Hoe kan ik een aangepast SSL-certificaat (Secure Sockets Layer) gebruiken met een statische website?
U kunt een aangepast SSL-certificaat configureren met een statische website met behulp van Azure CDN. Azure CDN biedt overal ter wereld een consistent lage latentie voor uw website.
Hoe kan ik aangepaste headers en regels toevoegen met een statische website?
U kunt de host-header voor een statische website configureren met behulp van Azure CDN - Verizon Premium. We horen graag uw feedback hier.
Waarom krijg ik een HTTP 404-fout van een statische website?
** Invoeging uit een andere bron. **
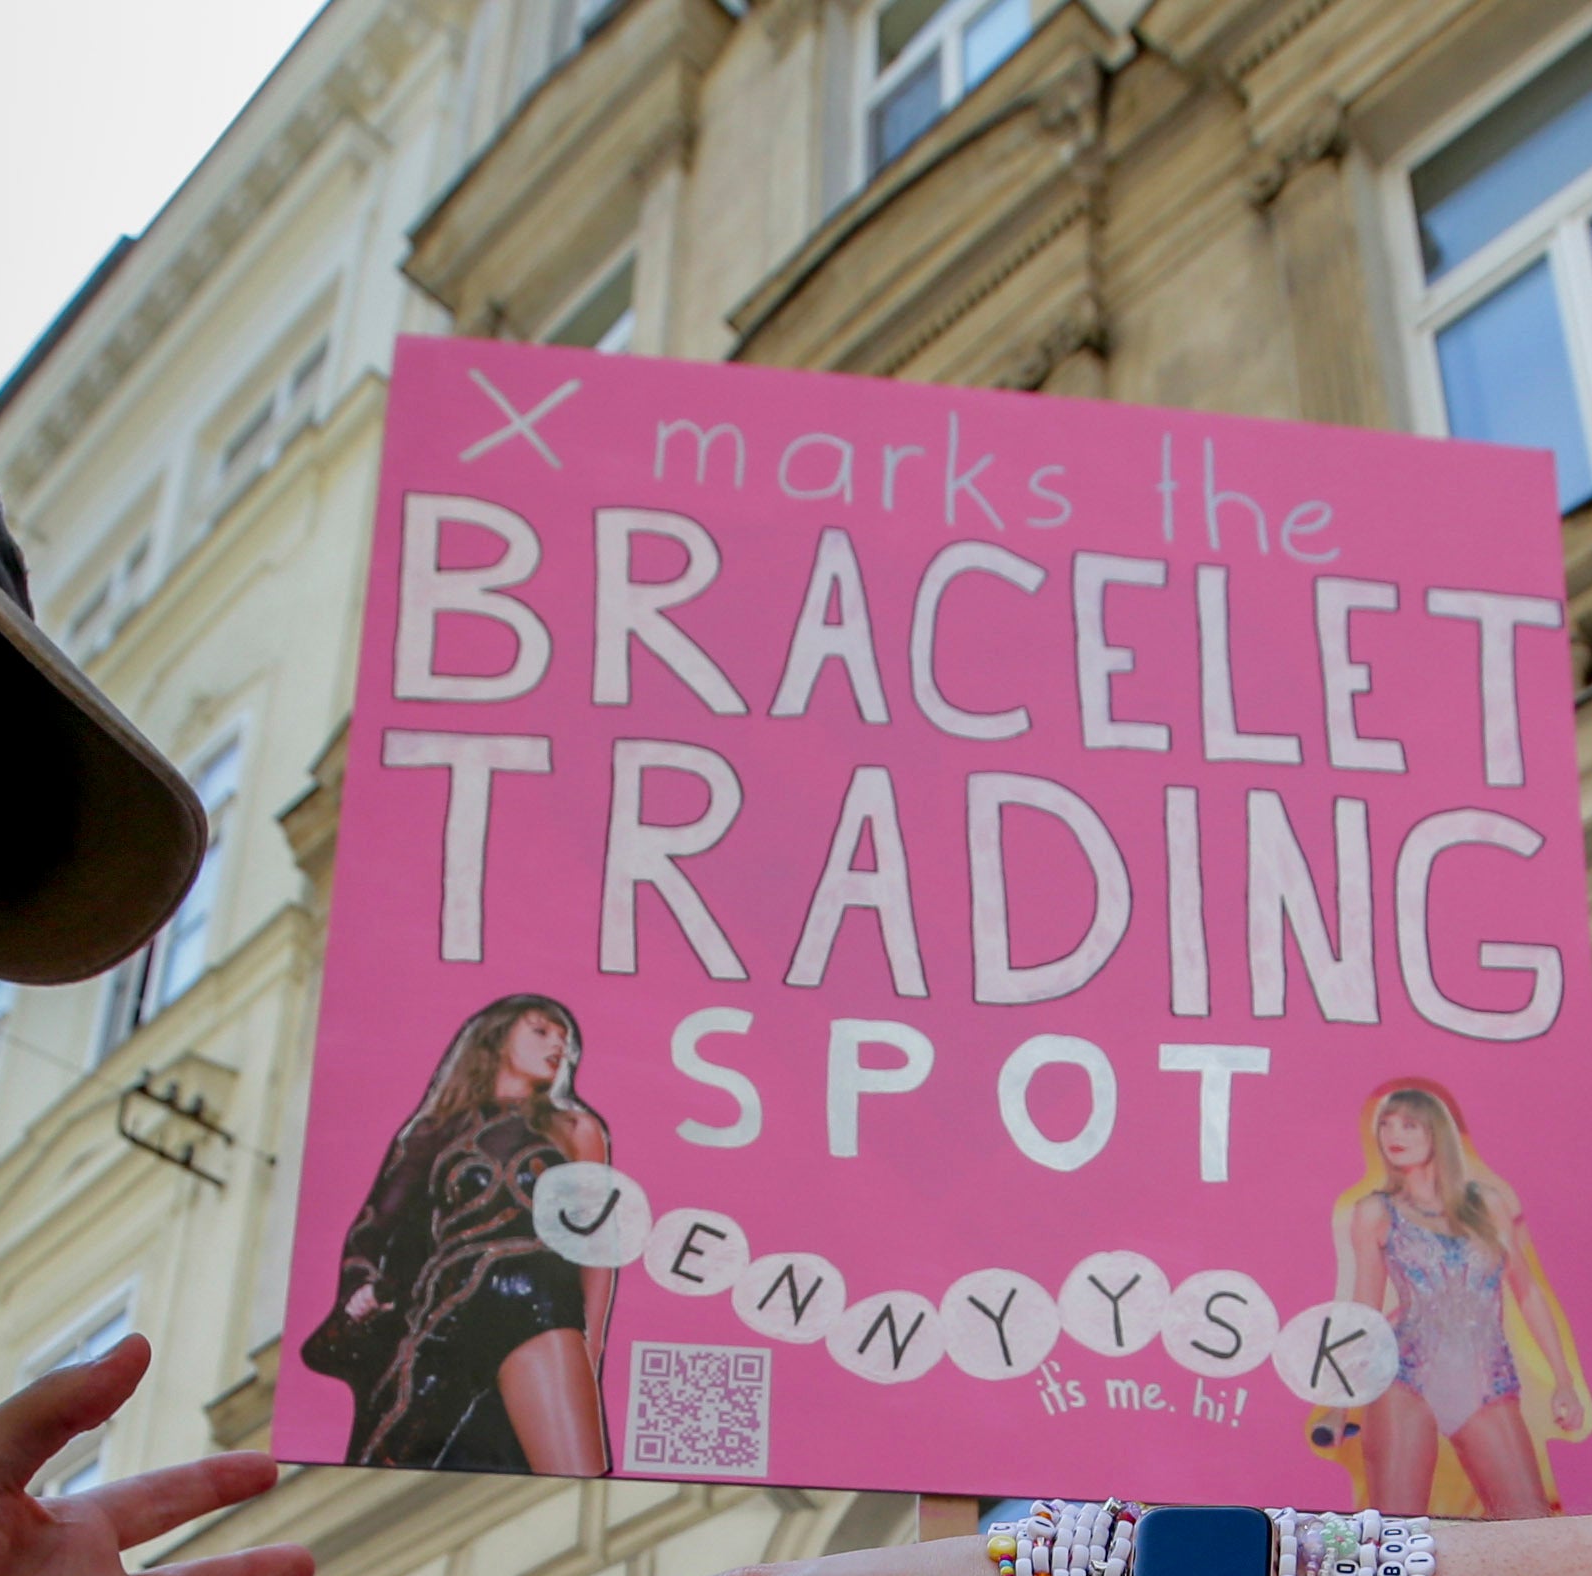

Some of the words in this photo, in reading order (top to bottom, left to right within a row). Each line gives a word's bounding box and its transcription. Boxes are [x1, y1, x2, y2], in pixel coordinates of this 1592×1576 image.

Er kan een 404-fout optreden als u naar een bestandsnaam verwijst met behulp van een onjuist geval. Bijvoorbeeld: Index.html
in plaats van index.html
. Bestandsnamen en -extensies in de URL van een statische website zijn hoofdlettergevoelig, ook als ze via HTTP worden bediend. Dit kan ook gebeuren als uw Azure CDN-eindpunt nog niet is ingericht. Wacht maximaal 90 minuten nadat u een nieuwe Azure CDN hebt ingericht voordat de doorgifte is voltooid.
Waarom wordt de hoofdmap van de website niet omgeleid naar de standaardindexpagina?
Open in Azure Portal de configuratiepagina van de statische website van uw account en zoek de naam en extensie die zijn ingesteld in het veld Indexdocumentnaam. Zorg ervoor dat deze naam exact dezelfde is als de naam van het bestand dat zich in de $web-container van het opslagaccount bevindt. Bestandsnamen en -extensies in de URL van een statische website zijn hoofdlettergevoelig, ook als ze via HTTP worden bediend.